Dans toute la paroisse de Chateauguay c’est aujourd’hui un bourdonnement animé comme celui d’une ruche à qui l’on vient d’enlever son miel. À la gare, dans les magasins, les restaurants, les gens parlent avec vivacité. À chaque maison, le boulanger jase avec les clients.

C’est que c’est aujourd’hui qu’aura lieu par autorité de justice la vente à l’enchère des meubles et de la maison du notaire Lasorgue qui est disparu mystérieusement il y a deux mois avec les argents qui lui avaient été confiés. Toutes les économies de la paroisse sont parties. Chacun est plus ou moins écorché. Quelques-uns perdent tout leur avoir.

Bien que la vérité soit connue depuis quelque temps, les gens ne peuvent accepter l’idée de la catastrophe, ils ne peuvent croire que c’est vraiment arrivé.
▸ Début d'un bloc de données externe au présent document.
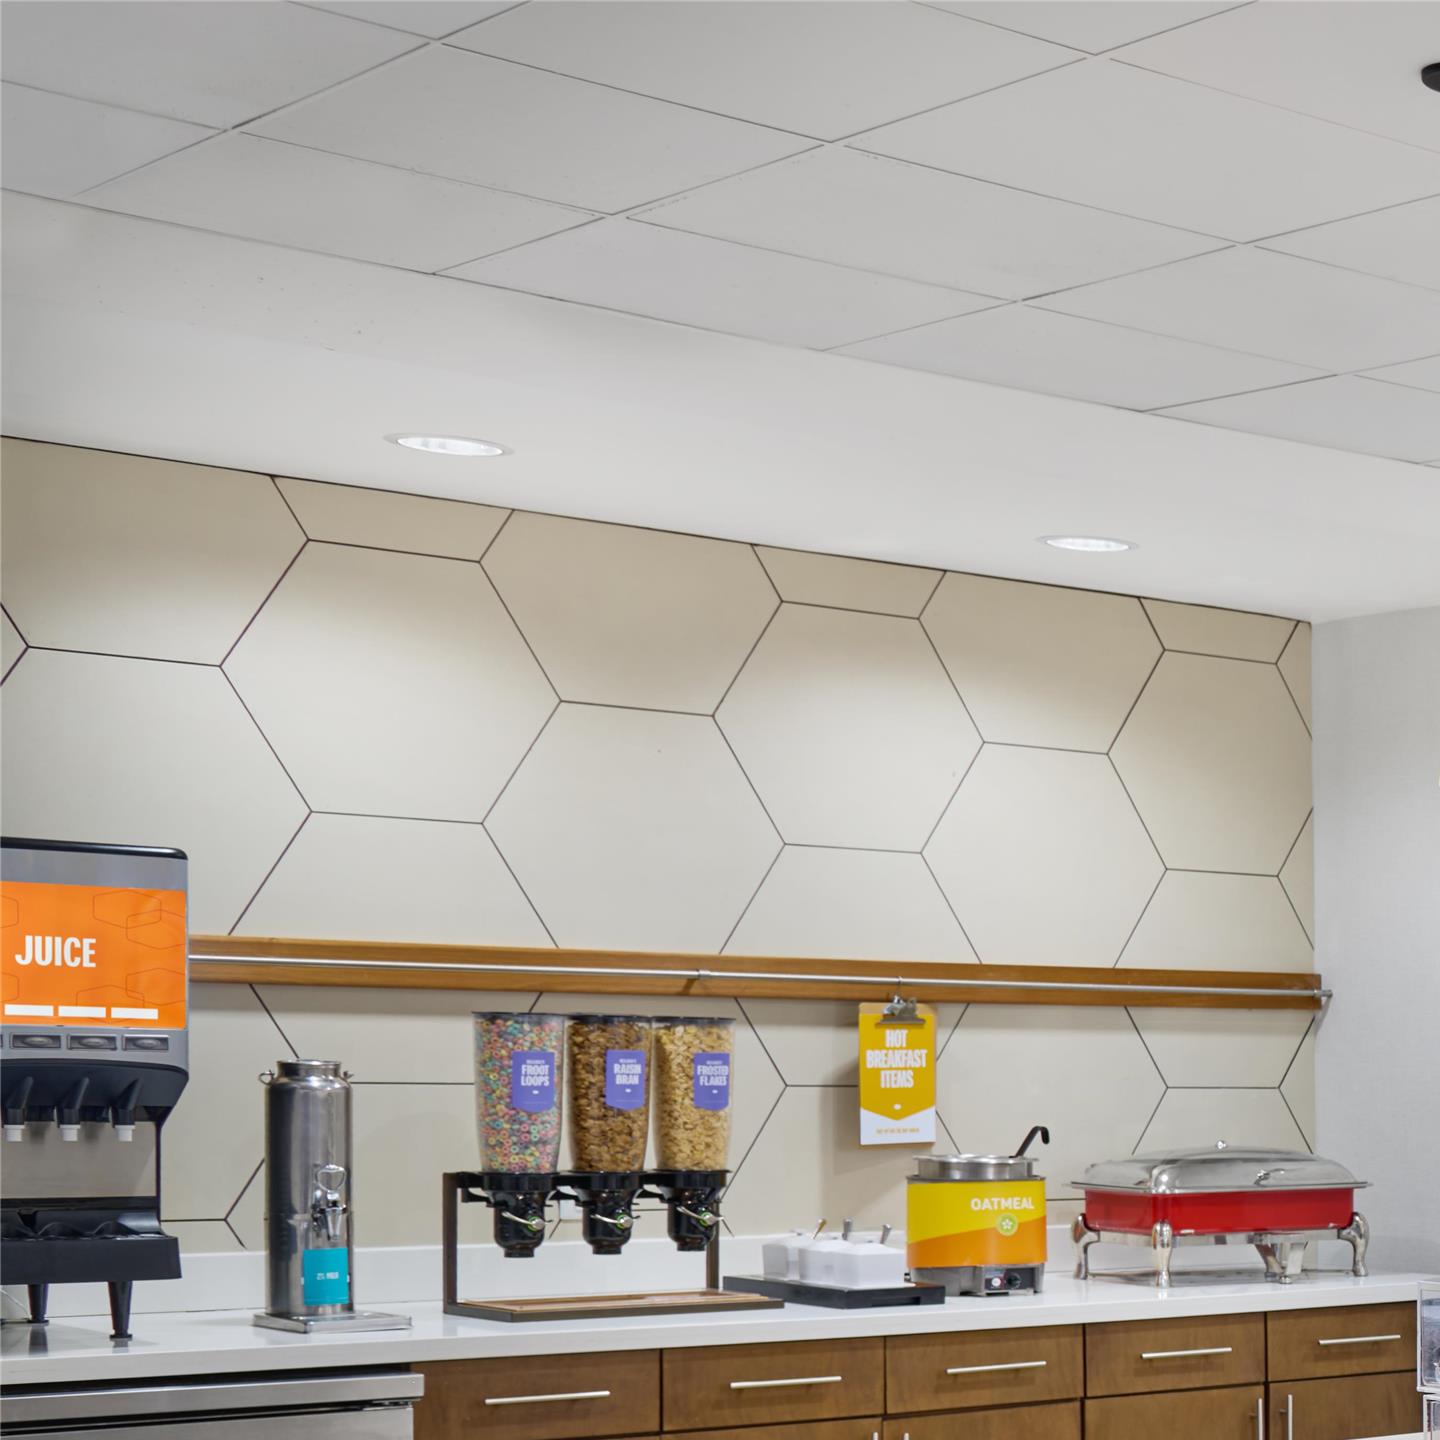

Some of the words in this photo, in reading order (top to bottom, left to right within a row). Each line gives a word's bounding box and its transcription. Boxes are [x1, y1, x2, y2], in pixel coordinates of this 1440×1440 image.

[15, 935, 97, 968] JUICE
[885, 1029, 908, 1048] HOT
[866, 1049, 927, 1069] BREAKFAST
[521, 1075, 550, 1087] LOOPS
[880, 1069, 914, 1088] ITEMS
[970, 1196, 1035, 1212] OATMEAL
Un homme si aimable, pas fier, pas gênant du tout, qui vous parlait familièrement partout où il vous rencontrait, peut-on croire qu’il soit parti avec l’argent de la paroisse ? La chose paraît incroyable.

Et chacun se rappelle comme c’était simple et facile de bâcler les affaires avec lui. Pas besoin de tous ces papiers qui coûtent si cher chez les autres notaires. Il apparaissait chez vous à l’heure du dîner ou du souper.

— Tu n’aurais pas mille piastres à prêter à six pour cent sur une bonne hypothèque ? demandait-il.

Vous n’en aviez que huit cents.

— Je les prends, disait-il, bon enfant. Je trouverai les deux autres cents ailleurs.